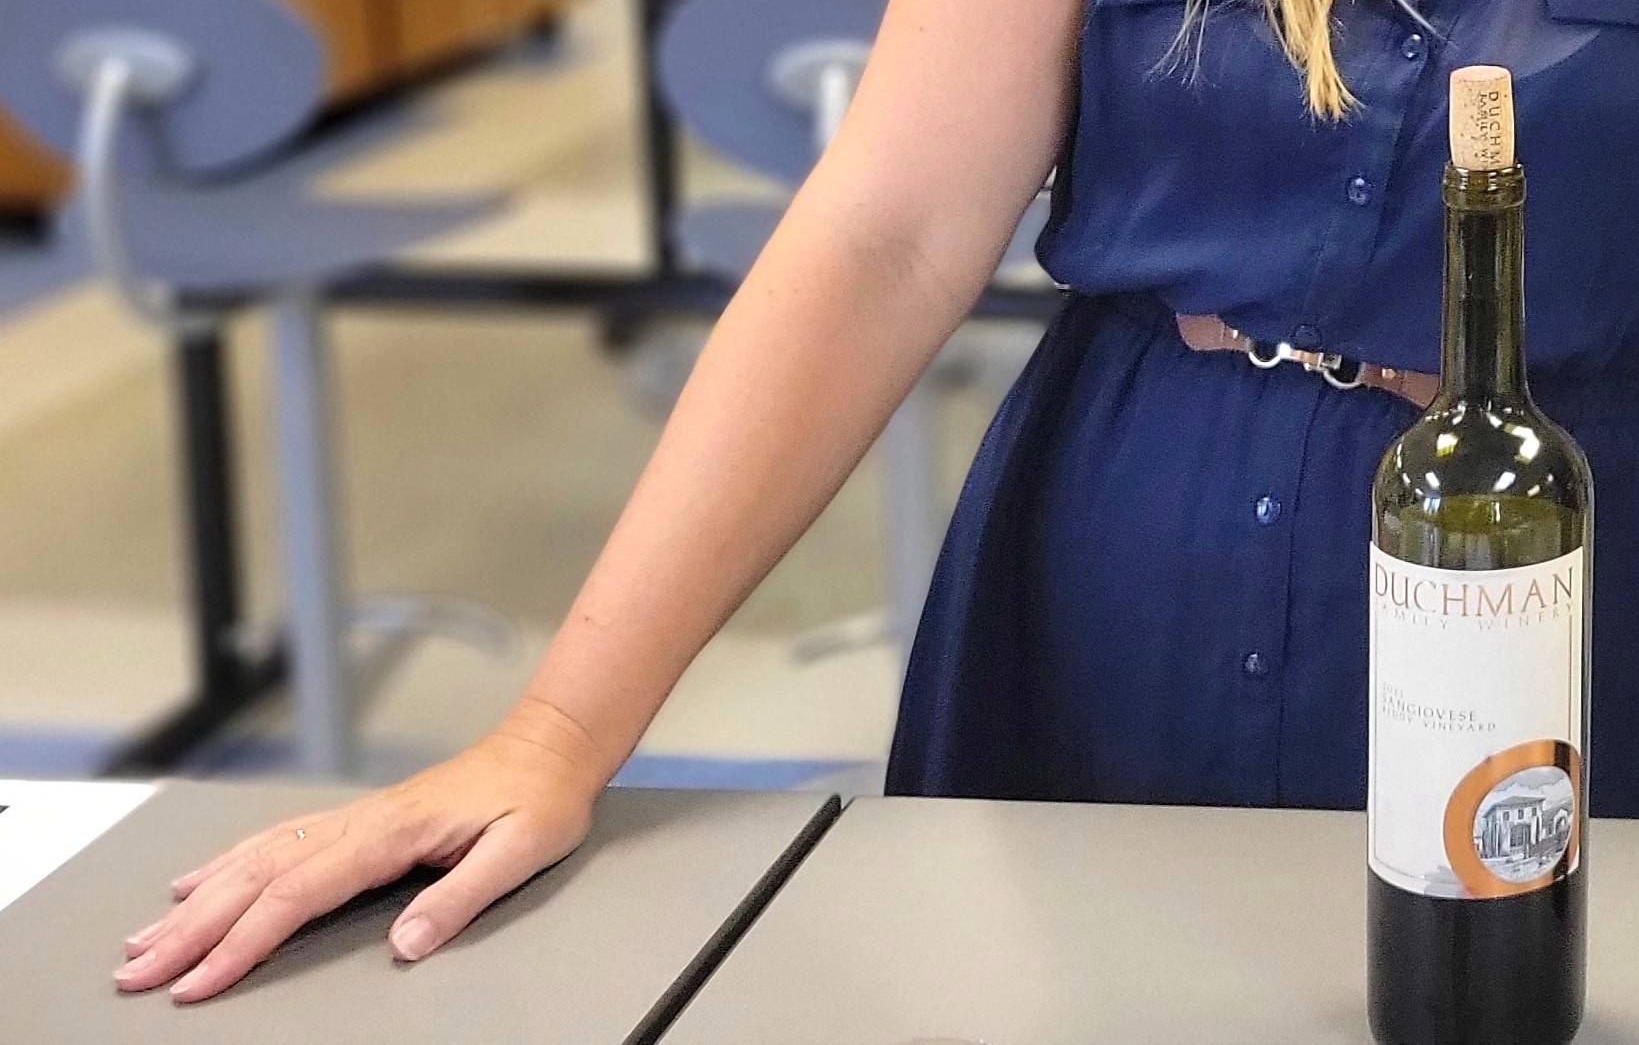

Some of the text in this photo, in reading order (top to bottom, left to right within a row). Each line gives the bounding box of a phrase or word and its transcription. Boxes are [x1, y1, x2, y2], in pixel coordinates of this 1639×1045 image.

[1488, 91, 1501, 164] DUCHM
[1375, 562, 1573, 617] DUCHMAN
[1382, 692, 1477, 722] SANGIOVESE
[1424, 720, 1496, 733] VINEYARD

= = = = = = =

▶ _Assigned task_: Once the pictures are dropped, please print every remaining line of the material verbatim.

▶ _Exercise result_:
Some of the text in this photo, in reading order (top to bottom, left to right within a row). Each line gives the bounding box of a phrase or word and its transcription. Boxes are [x1, y1, x2, y2], in pixel coordinates of this 1639×1045 image.

[1488, 91, 1501, 164] DUCHM
[1375, 562, 1573, 617] DUCHMAN
[1382, 692, 1477, 722] SANGIOVESE
[1424, 720, 1496, 733] VINEYARD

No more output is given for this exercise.